Records contained in a dataset:
============================================================
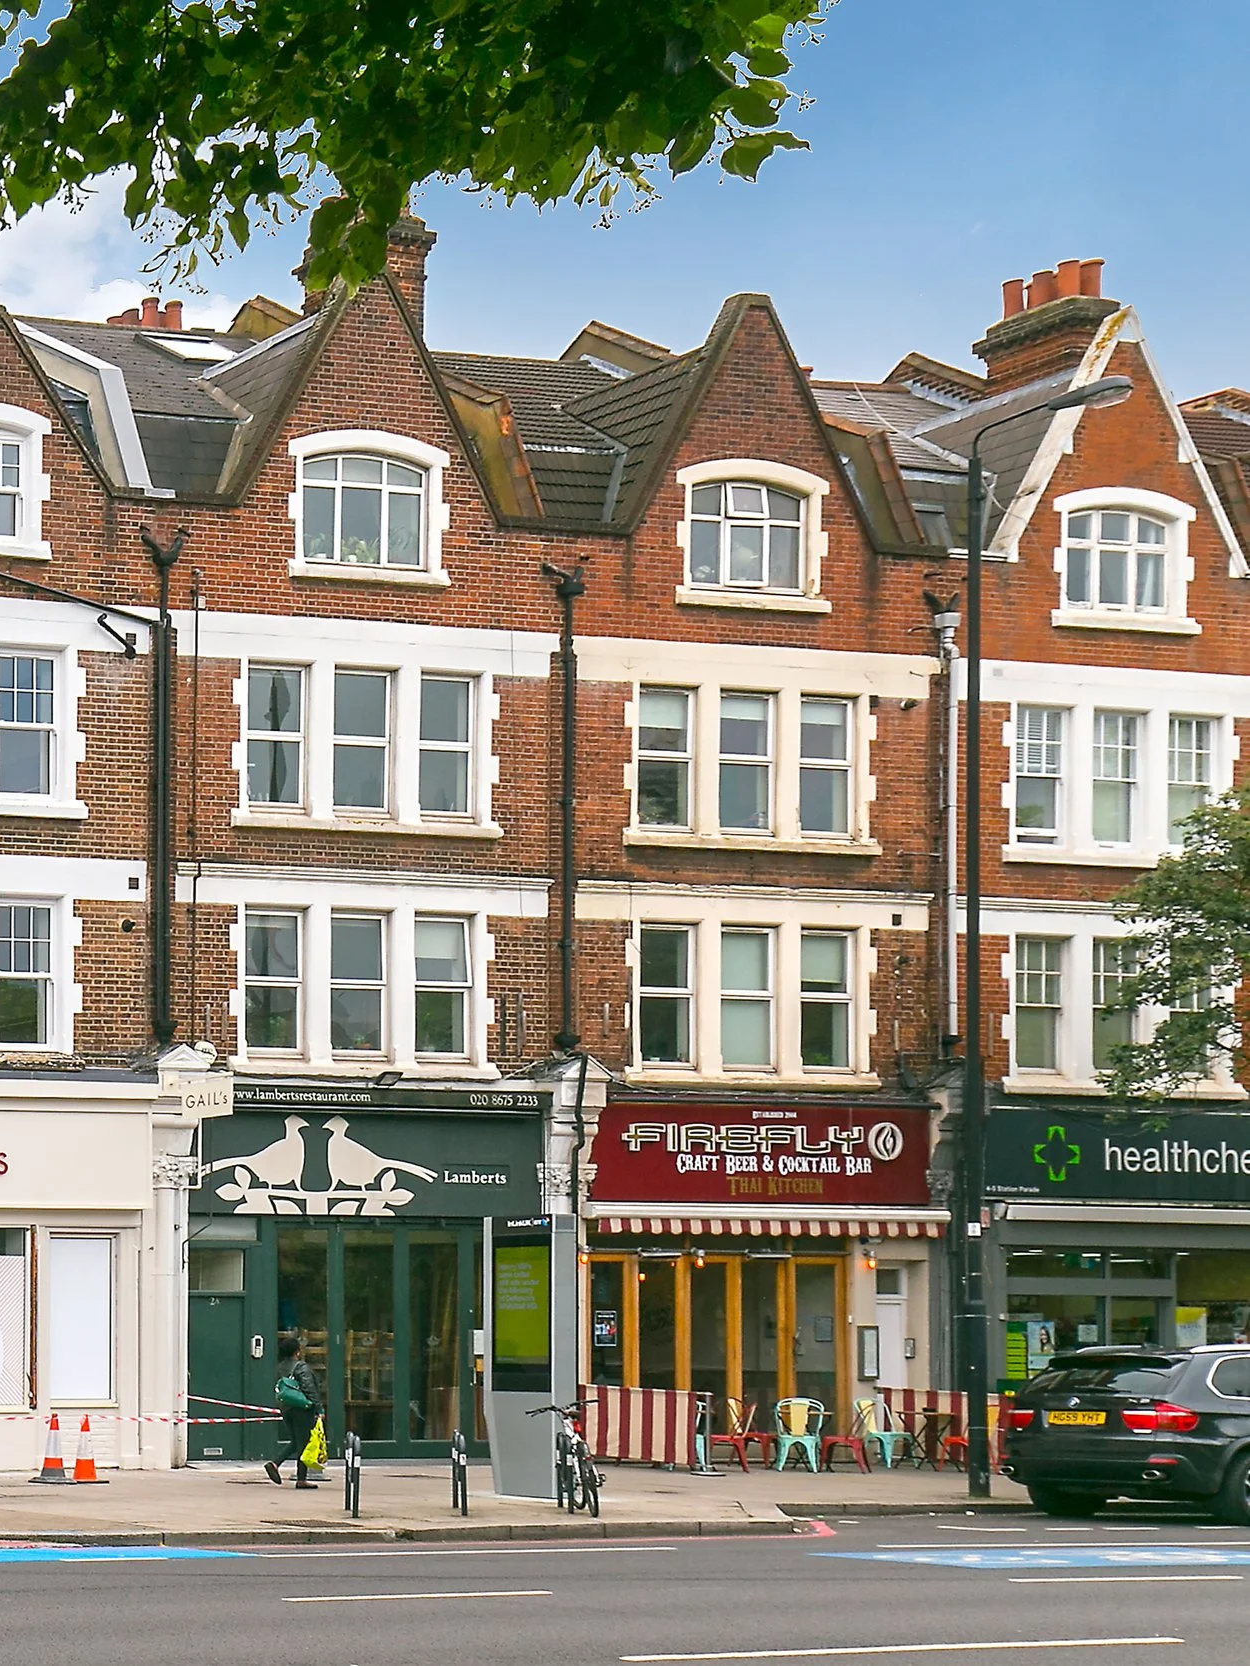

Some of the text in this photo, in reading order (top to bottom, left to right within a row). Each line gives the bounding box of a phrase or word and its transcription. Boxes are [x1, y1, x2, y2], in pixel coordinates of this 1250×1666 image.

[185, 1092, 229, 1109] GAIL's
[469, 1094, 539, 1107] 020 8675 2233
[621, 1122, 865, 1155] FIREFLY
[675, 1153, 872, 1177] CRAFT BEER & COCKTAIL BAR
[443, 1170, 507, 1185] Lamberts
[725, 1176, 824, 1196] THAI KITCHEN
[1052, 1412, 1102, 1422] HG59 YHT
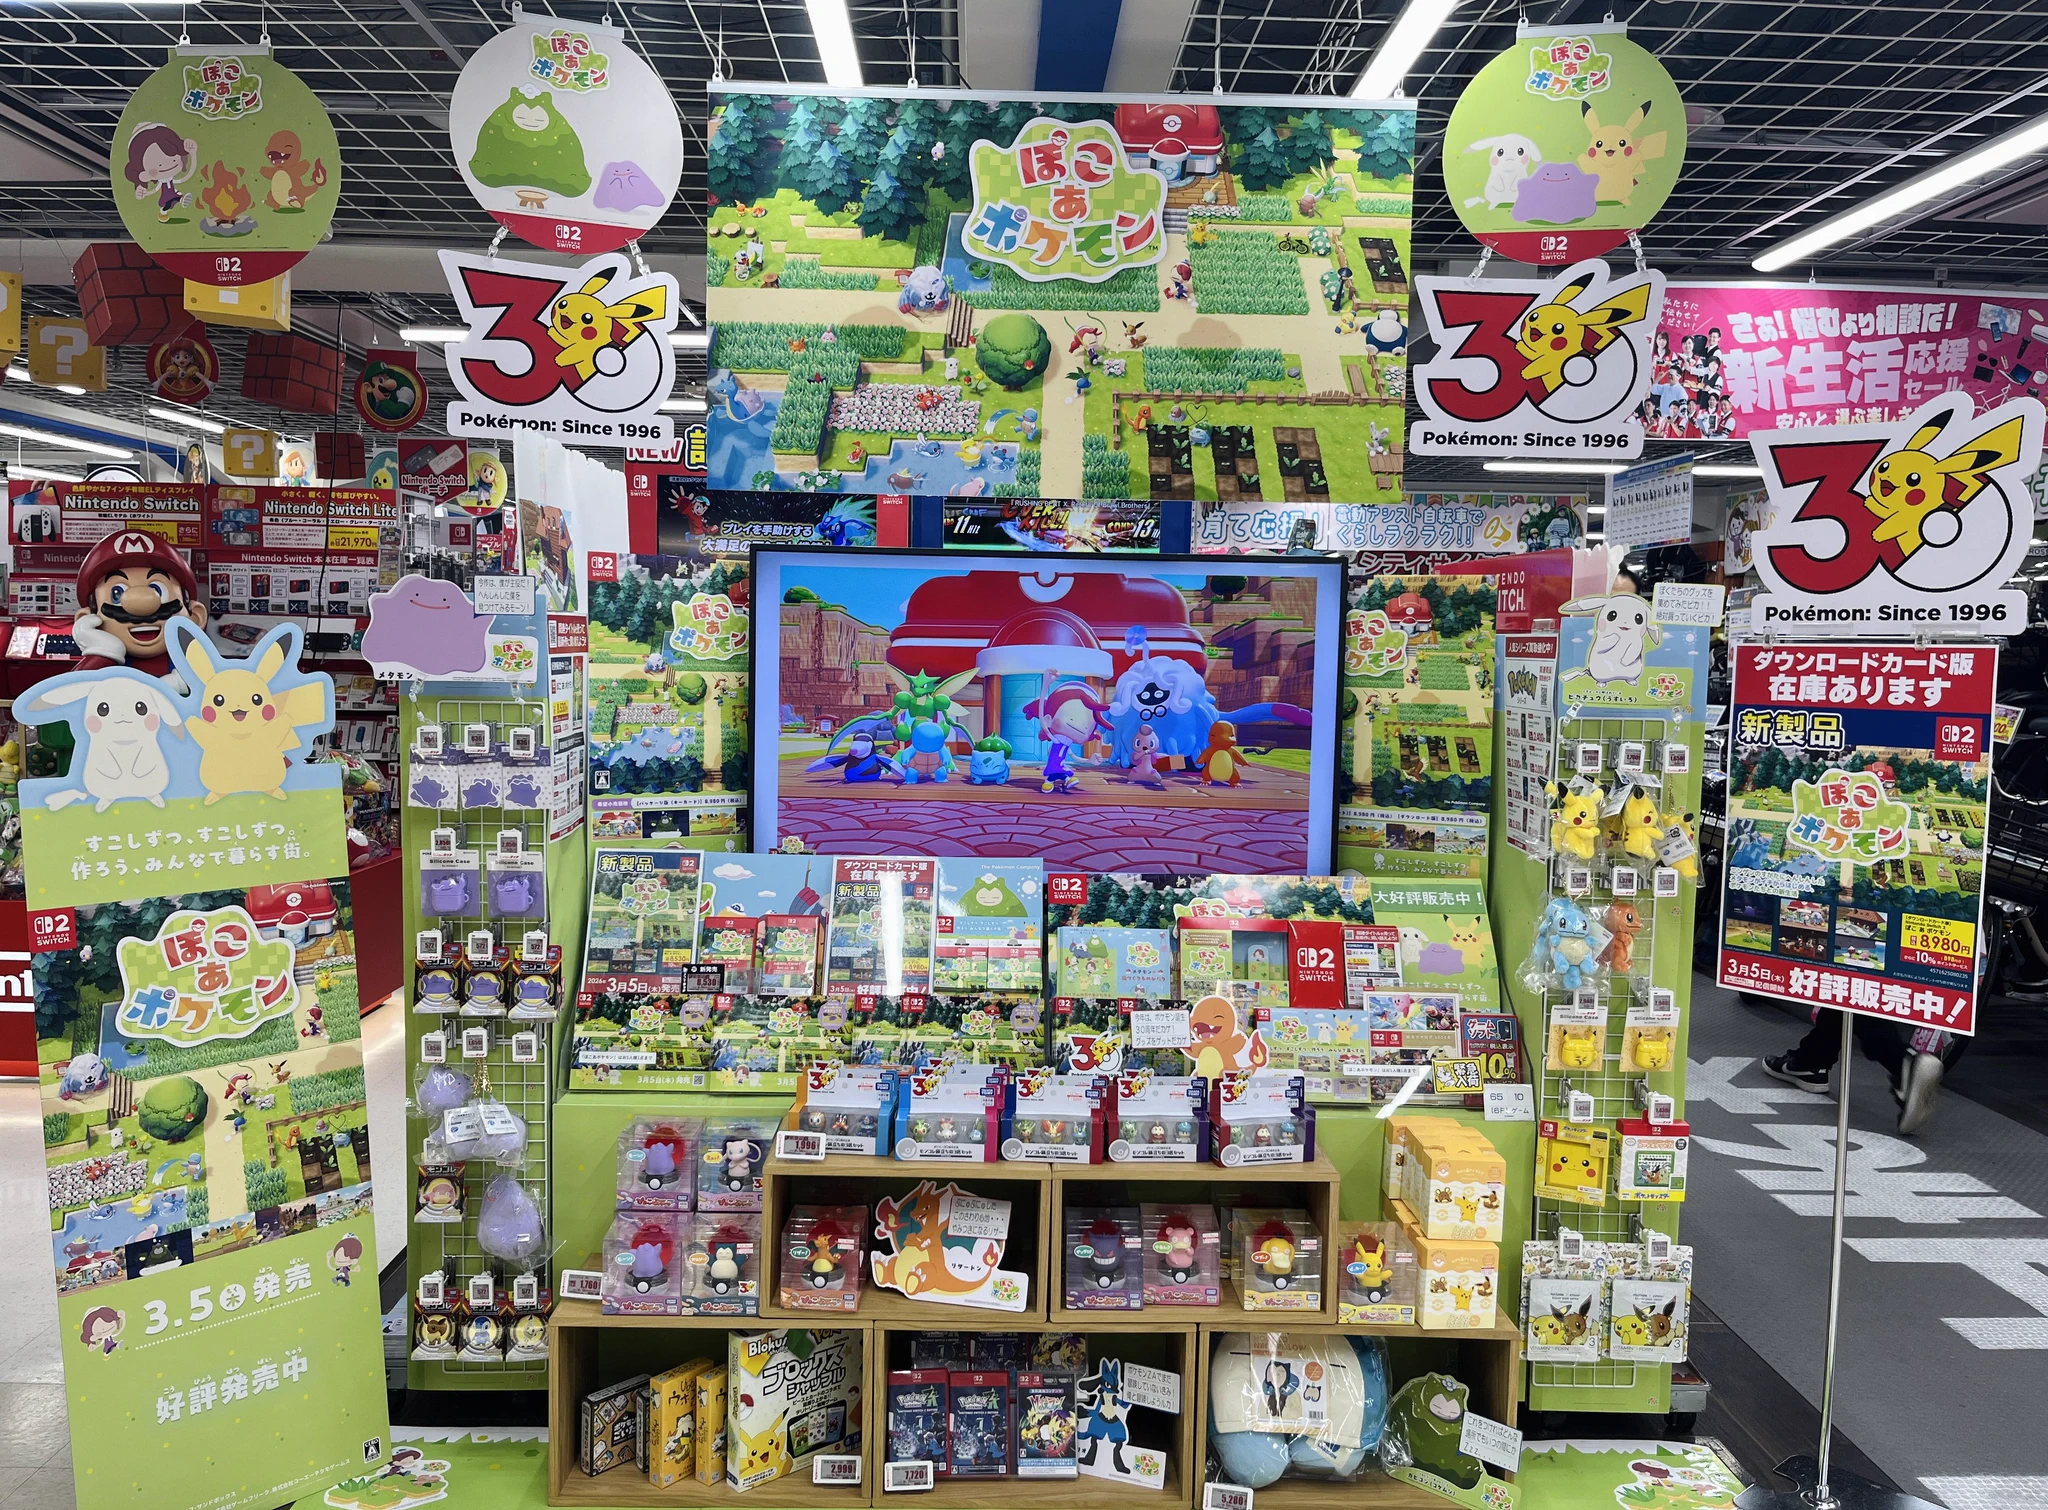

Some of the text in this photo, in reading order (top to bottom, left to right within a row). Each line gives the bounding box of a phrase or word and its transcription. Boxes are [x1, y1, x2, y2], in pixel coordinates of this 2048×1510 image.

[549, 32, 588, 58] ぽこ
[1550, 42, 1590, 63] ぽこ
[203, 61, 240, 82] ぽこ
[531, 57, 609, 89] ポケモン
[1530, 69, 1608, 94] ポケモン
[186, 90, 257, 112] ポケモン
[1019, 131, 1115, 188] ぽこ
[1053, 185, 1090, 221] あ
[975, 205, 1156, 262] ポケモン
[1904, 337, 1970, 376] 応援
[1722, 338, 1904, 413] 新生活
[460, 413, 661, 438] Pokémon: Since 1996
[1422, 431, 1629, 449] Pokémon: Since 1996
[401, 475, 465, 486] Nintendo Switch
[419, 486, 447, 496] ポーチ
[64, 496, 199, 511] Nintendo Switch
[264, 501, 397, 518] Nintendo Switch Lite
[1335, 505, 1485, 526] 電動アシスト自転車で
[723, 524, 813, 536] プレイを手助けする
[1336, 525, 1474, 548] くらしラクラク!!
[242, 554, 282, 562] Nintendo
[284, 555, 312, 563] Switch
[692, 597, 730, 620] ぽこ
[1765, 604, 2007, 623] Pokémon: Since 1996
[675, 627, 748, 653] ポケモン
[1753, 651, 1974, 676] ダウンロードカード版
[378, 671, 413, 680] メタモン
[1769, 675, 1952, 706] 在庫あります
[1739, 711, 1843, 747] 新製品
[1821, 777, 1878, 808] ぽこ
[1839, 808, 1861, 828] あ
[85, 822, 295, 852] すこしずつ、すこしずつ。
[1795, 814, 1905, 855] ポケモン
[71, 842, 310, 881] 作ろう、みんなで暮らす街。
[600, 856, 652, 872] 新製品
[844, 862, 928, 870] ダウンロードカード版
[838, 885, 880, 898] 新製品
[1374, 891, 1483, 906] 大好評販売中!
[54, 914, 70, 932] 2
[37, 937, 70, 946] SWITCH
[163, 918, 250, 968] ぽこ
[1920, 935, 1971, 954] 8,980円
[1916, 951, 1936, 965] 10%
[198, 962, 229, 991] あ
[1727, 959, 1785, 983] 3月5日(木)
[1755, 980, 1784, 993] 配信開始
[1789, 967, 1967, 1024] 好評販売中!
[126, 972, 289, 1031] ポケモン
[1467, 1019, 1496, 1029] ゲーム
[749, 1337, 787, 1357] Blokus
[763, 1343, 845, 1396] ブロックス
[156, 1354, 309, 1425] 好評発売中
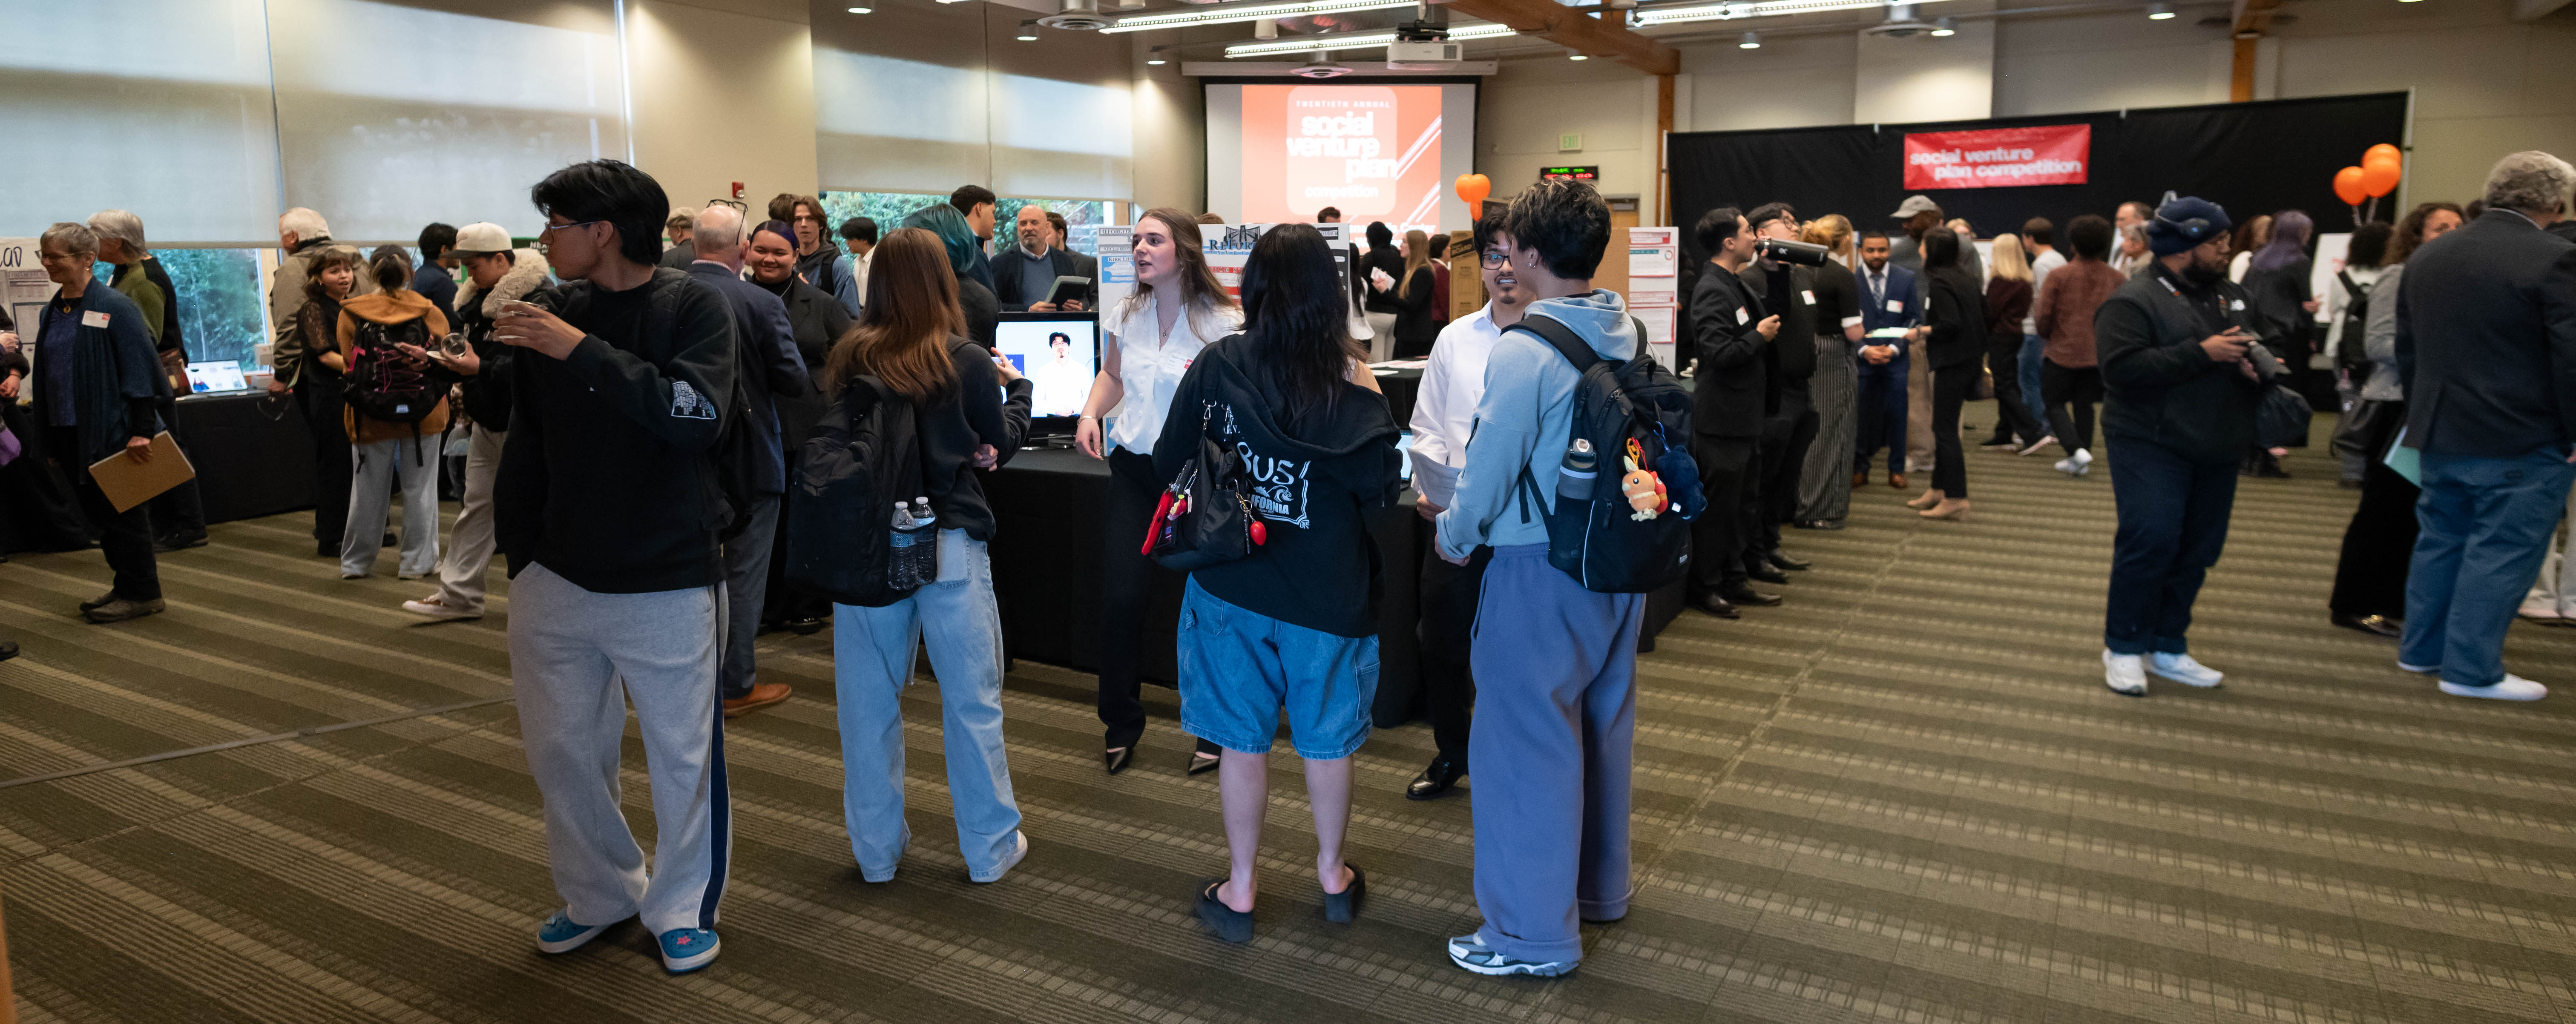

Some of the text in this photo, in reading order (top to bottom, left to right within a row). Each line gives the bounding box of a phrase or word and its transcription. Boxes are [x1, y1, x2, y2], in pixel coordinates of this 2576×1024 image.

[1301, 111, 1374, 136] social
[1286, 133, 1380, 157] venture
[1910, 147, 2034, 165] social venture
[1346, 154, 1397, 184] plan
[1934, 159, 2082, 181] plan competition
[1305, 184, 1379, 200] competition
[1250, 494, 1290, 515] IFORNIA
============================================================
→ Exercise brief: Will you set down the records word for word while leaving out every picture?

→ Response:
Some of the text in this photo, in reading order (top to bottom, left to right within a row). Each line gives the bounding box of a phrase or word and its transcription. Boxes are [x1, y1, x2, y2], in pixel coordinates of this 1250×1666 image.

[185, 1092, 229, 1109] GAIL's
[469, 1094, 539, 1107] 020 8675 2233
[621, 1122, 865, 1155] FIREFLY
[675, 1153, 872, 1177] CRAFT BEER & COCKTAIL BAR
[443, 1170, 507, 1185] Lamberts
[725, 1176, 824, 1196] THAI KITCHEN
[1052, 1412, 1102, 1422] HG59 YHT

Some of the text in this photo, in reading order (top to bottom, left to right within a row). Each line gives the bounding box of a phrase or word and its transcription. Boxes are [x1, y1, x2, y2], in pixel coordinates of this 2048×1510 image.

[549, 32, 588, 58] ぽこ
[1550, 42, 1590, 63] ぽこ
[203, 61, 240, 82] ぽこ
[531, 57, 609, 89] ポケモン
[1530, 69, 1608, 94] ポケモン
[186, 90, 257, 112] ポケモン
[1019, 131, 1115, 188] ぽこ
[1053, 185, 1090, 221] あ
[975, 205, 1156, 262] ポケモン
[1904, 337, 1970, 376] 応援
[1722, 338, 1904, 413] 新生活
[460, 413, 661, 438] Pokémon: Since 1996
[1422, 431, 1629, 449] Pokémon: Since 1996
[401, 475, 465, 486] Nintendo Switch
[419, 486, 447, 496] ポーチ
[64, 496, 199, 511] Nintendo Switch
[264, 501, 397, 518] Nintendo Switch Lite
[1335, 505, 1485, 526] 電動アシスト自転車で
[723, 524, 813, 536] プレイを手助けする
[1336, 525, 1474, 548] くらしラクラク!!
[242, 554, 282, 562] Nintendo
[284, 555, 312, 563] Switch
[692, 597, 730, 620] ぽこ
[1765, 604, 2007, 623] Pokémon: Since 1996
[675, 627, 748, 653] ポケモン
[1753, 651, 1974, 676] ダウンロードカード版
[378, 671, 413, 680] メタモン
[1769, 675, 1952, 706] 在庫あります
[1739, 711, 1843, 747] 新製品
[1821, 777, 1878, 808] ぽこ
[1839, 808, 1861, 828] あ
[85, 822, 295, 852] すこしずつ、すこしずつ。
[1795, 814, 1905, 855] ポケモン
[71, 842, 310, 881] 作ろう、みんなで暮らす街。
[600, 856, 652, 872] 新製品
[844, 862, 928, 870] ダウンロードカード版
[838, 885, 880, 898] 新製品
[1374, 891, 1483, 906] 大好評販売中!
[54, 914, 70, 932] 2
[37, 937, 70, 946] SWITCH
[163, 918, 250, 968] ぽこ
[1920, 935, 1971, 954] 8,980円
[1916, 951, 1936, 965] 10%
[198, 962, 229, 991] あ
[1727, 959, 1785, 983] 3月5日(木)
[1755, 980, 1784, 993] 配信開始
[1789, 967, 1967, 1024] 好評販売中!
[126, 972, 289, 1031] ポケモン
[1467, 1019, 1496, 1029] ゲーム
[749, 1337, 787, 1357] Blokus
[763, 1343, 845, 1396] ブロックス
[156, 1354, 309, 1425] 好評発売中

Some of the text in this photo, in reading order (top to bottom, left to right within a row). Each line gives the bounding box of a phrase or word and its transcription. Boxes are [x1, y1, x2, y2], in pixel coordinates of this 2576×1024 image.

[1301, 111, 1374, 136] social
[1286, 133, 1380, 157] venture
[1910, 147, 2034, 165] social venture
[1346, 154, 1397, 184] plan
[1934, 159, 2082, 181] plan competition
[1305, 184, 1379, 200] competition
[1250, 494, 1290, 515] IFORNIA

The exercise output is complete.